===== GIVEN RECORDS

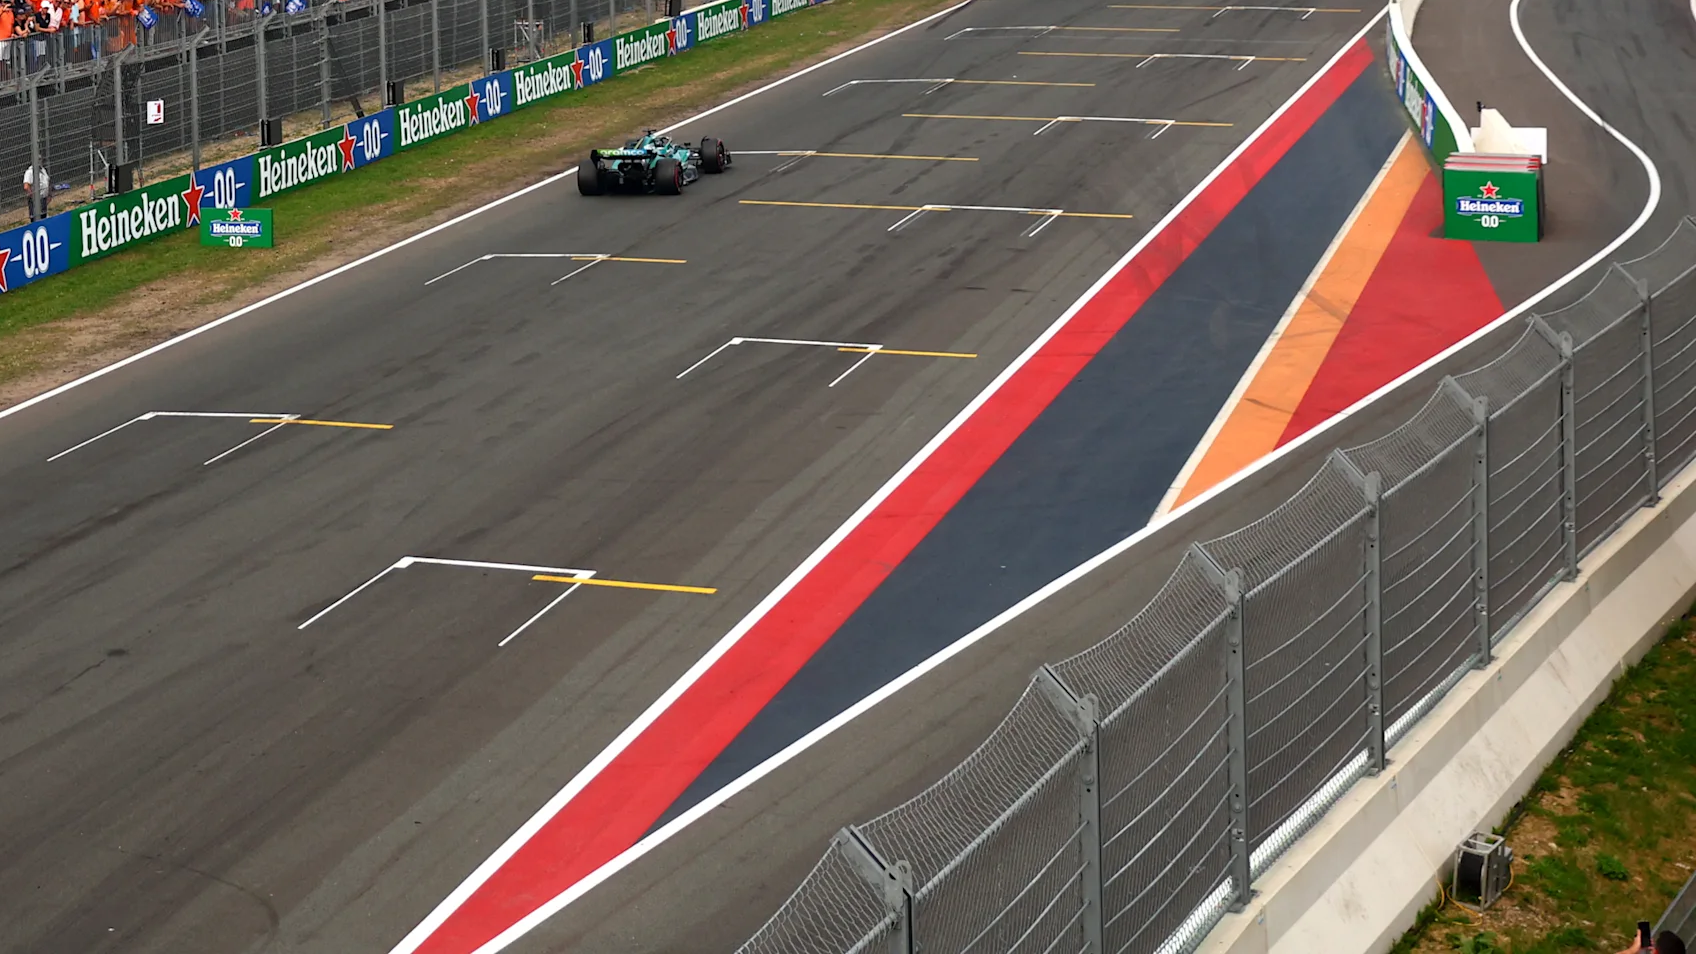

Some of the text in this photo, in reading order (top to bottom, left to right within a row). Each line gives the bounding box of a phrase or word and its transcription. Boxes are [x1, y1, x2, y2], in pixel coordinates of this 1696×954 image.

[697, 8, 740, 41] Heineken
[616, 29, 666, 70] Heineken
[514, 62, 571, 105] Heineken
[399, 97, 465, 146] Heineken
[259, 141, 338, 197] Heineken
[80, 193, 181, 258] Heineken
[212, 222, 259, 234] Heineken
[1460, 201, 1520, 214] Heineken
[22, 226, 50, 279] 0.0

==========

§ TASK:
All of the material above should be set down again exactly, though not its pictures.

§ EXERCISE RESULT:
Some of the text in this photo, in reading order (top to bottom, left to right within a row). Each line gives the bounding box of a phrase or word and its transcription. Boxes are [x1, y1, x2, y2], in pixel coordinates of this 1696×954 image.

[697, 8, 740, 41] Heineken
[616, 29, 666, 70] Heineken
[514, 62, 571, 105] Heineken
[399, 97, 465, 146] Heineken
[259, 141, 338, 197] Heineken
[80, 193, 181, 258] Heineken
[212, 222, 259, 234] Heineken
[1460, 201, 1520, 214] Heineken
[22, 226, 50, 279] 0.0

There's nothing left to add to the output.